TASK GOAL => Omit the pictures from the entries below and retype everything else exactly.
··· DATASET ENTRIES ···
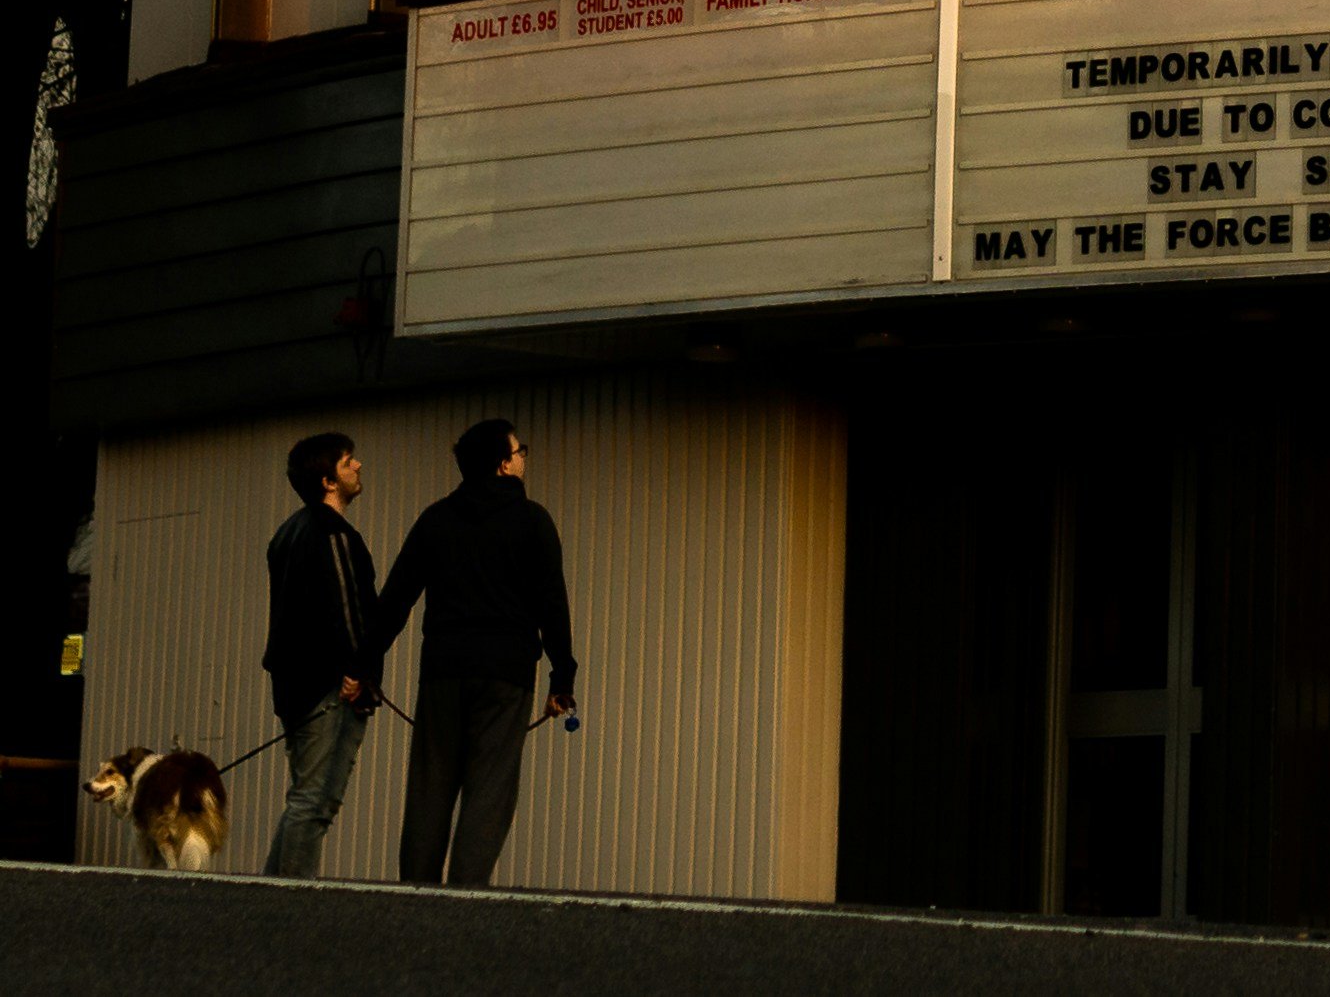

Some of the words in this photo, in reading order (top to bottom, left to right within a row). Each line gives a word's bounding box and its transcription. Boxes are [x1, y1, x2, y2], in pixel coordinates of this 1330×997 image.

[451, 16, 508, 43] ADULT
[511, 9, 557, 35] £6.95
[577, 12, 644, 36] STUDENT
[646, 6, 683, 27] £5.00
[1066, 41, 1330, 89] TEMPORARILY
[1129, 107, 1201, 141] DUE
[1224, 102, 1275, 134] TO
[1149, 159, 1253, 196] STAY
[974, 227, 1054, 261] MAY
[1075, 222, 1145, 255] THE
[1167, 213, 1291, 250] FORCE
···
OUTPUT OF THE EXERCISE =>
Some of the words in this photo, in reading order (top to bottom, left to right within a row). Each line gives a word's bounding box and its transcription. Boxes are [x1, y1, x2, y2], in pixel coordinates of this 1330×997 image.

[451, 16, 508, 43] ADULT
[511, 9, 557, 35] £6.95
[577, 12, 644, 36] STUDENT
[646, 6, 683, 27] £5.00
[1066, 41, 1330, 89] TEMPORARILY
[1129, 107, 1201, 141] DUE
[1224, 102, 1275, 134] TO
[1149, 159, 1253, 196] STAY
[974, 227, 1054, 261] MAY
[1075, 222, 1145, 255] THE
[1167, 213, 1291, 250] FORCE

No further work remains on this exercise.